Nearly half of GPs back euthanasia – survey
3News 20 February 2015
Nearly half of Kiwi doctors are in favour of euthanasia, or physician-assisted dying (PAD), according to a survey covered in the New Zealand Medical Journal today.
This lags well behind public support for PAD, which was measured at 82 percent in January by researchers at the University of Auckland.
But the survey’s validity is being questioned by the NZMJ’s editors, who say it does “relatively little to further our knowledge”.
According to a letter to the NZMJ from Voluntary Euthanasia Society chairman Dr Jack Havill, 200 GPs in the Waikato District Health Board area were sent letters presenting three different scenarios concerning PAD. The survey’s results were based on 78 responses.
The first question asked: “Given adequate safeguards against abuse, do you support the passing of a law to allow a medical practitioner to give assistance to die, on request from a competent patient, 18 years and older, where the patient has end stage terminal disease (eg cancer), or is suffering from irreversible unbearable suffering (eg motor neurone disease, end stage respiratory failure)?”
Thirty-seven GPs (47.3 percent) said they support PAD in this situation. An equal number oppose it, and four are unsure.
The second question posed a similar scenario, except this time the patient – while still able to do so –writes a directive authorising PAD in the event they become incompetent.
The same number of GPs – 47.3 percent backed PAD in this circumstance, with fewer opposed (43.6 percent) and more unsure (9 percent).
The third question asked doctors if they would support PAD in the following scenario, provided the patient had given approval while still competent: “If I develop severe dementia resulting from Alzheimer’s disease, or degenerative brain disease due to arterial disease or other agency, where my mental competence has deteriorated to the extent that I am no longer able to recognise close relatives or friends, and am totally dependent on others for basic physical needs e.g. eating food and drinking fluids, spoon feeding, toileting for incontinence, dressing, I would request that I be given medical assistance to die.”

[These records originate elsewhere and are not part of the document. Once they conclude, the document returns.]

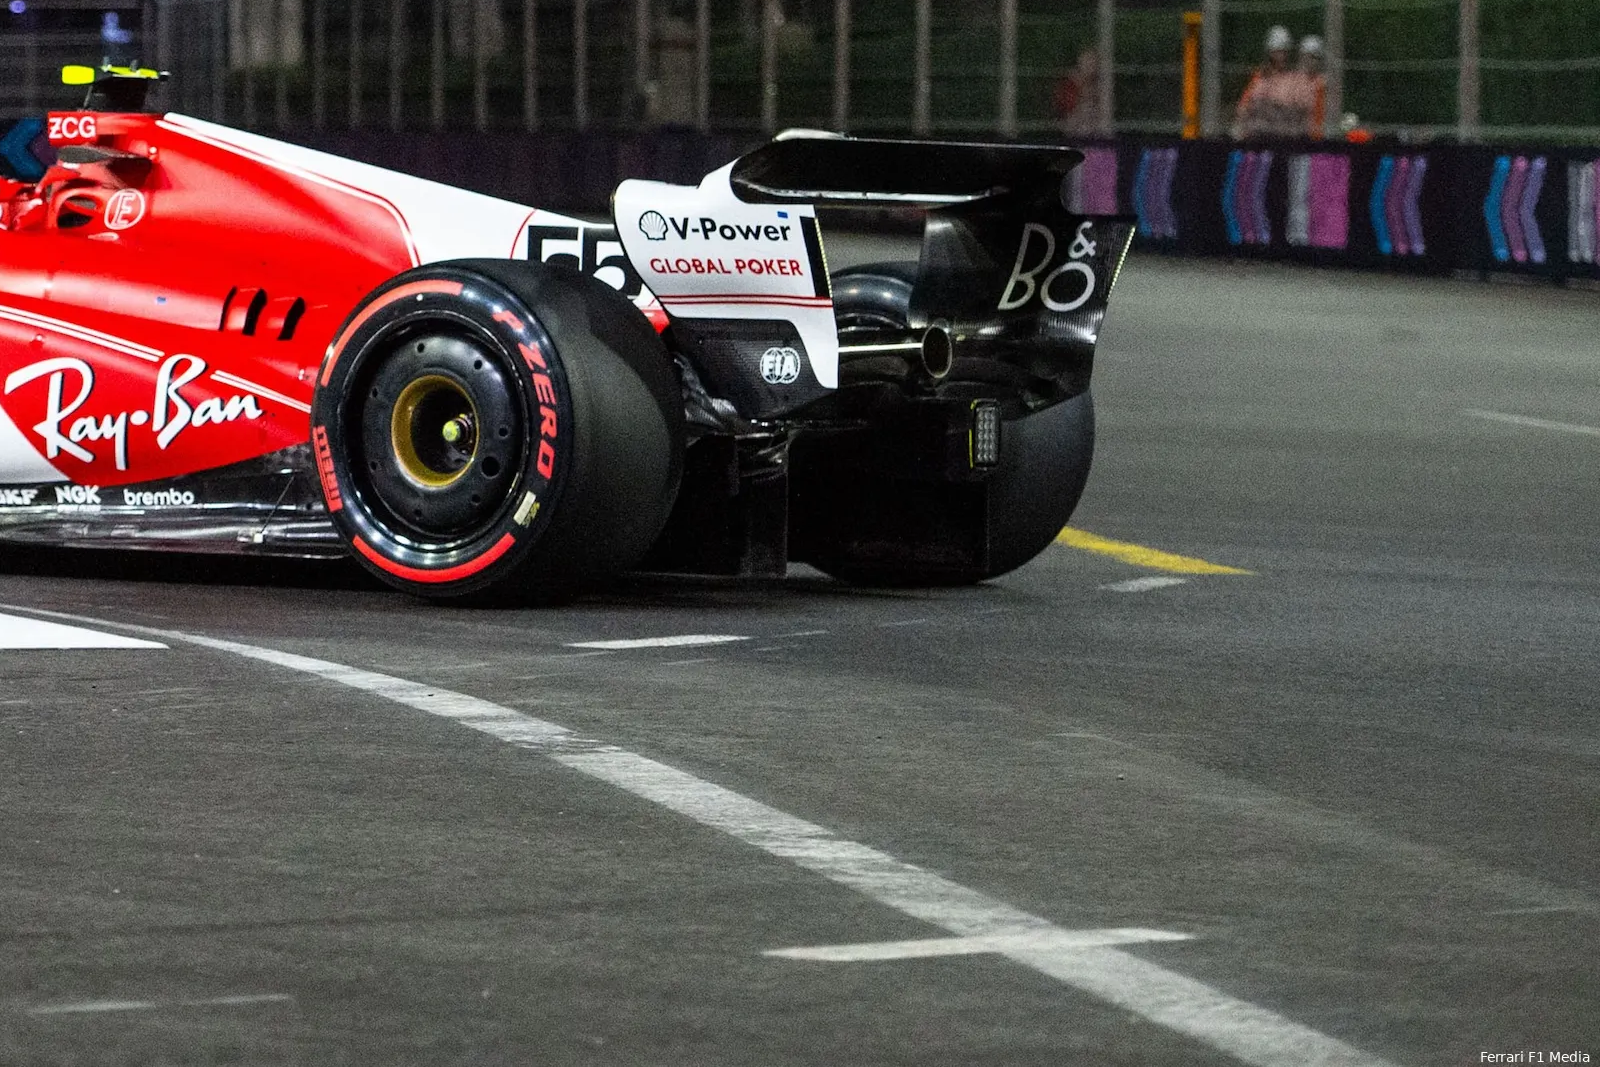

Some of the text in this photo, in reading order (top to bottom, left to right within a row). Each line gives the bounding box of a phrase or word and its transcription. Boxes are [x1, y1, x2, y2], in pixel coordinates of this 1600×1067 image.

[49, 116, 96, 139] ZCG
[669, 217, 791, 242] V-Power
[650, 257, 803, 277] GLOBAL POKER
[492, 309, 525, 335] P
[518, 341, 558, 480] ZERO
[55, 485, 101, 504] NGK
[123, 488, 195, 506] brembo

Only 31 of the 78 doctors said they’d support PAD in this case (39.5 percent), with half opposed and the rest unsure.
Dr Havill says the results show nearly half of GPs “support or would probably support” euthanasia in certain circumstances, and that it is “reasonably certain” that New Zealand will adopt some form of PAD law in the next few years.
“Hopefully our professional medical and nursing bodies can take part in the framing of the law and regulations as this happens.”

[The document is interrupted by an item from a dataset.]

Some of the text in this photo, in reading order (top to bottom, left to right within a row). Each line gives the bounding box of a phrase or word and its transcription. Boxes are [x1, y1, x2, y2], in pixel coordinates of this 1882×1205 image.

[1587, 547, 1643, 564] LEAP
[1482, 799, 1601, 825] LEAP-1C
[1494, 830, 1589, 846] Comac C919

But the study’s methodology has been questioned by editors of the NZMJ, who say the survey’s response rate was “poor”, and it is likely that “only those GPs with firm views, supportive or otherwise, who bothered to reply”.

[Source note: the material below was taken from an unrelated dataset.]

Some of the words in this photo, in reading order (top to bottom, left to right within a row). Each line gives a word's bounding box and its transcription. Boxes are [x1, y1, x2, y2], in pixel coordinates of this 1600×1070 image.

“But nonetheless, that about 40 Waikato GPs would be willing to hasten the deaths of their patients, even if they are mentally incompetent, is noteworthy,” writes Assoc Prof Sandy Macleod of the Health Sciences Centre at the University of Canterbury.
“We certainly need to manage the dying better. We need good research, wise expert opinion and fair legislation. We lack these. Dying is not invariably easy, and clumsy medicine can aggravate it.
“But is it best to give up and terminate life by the violence of non-physiological pharmacology?”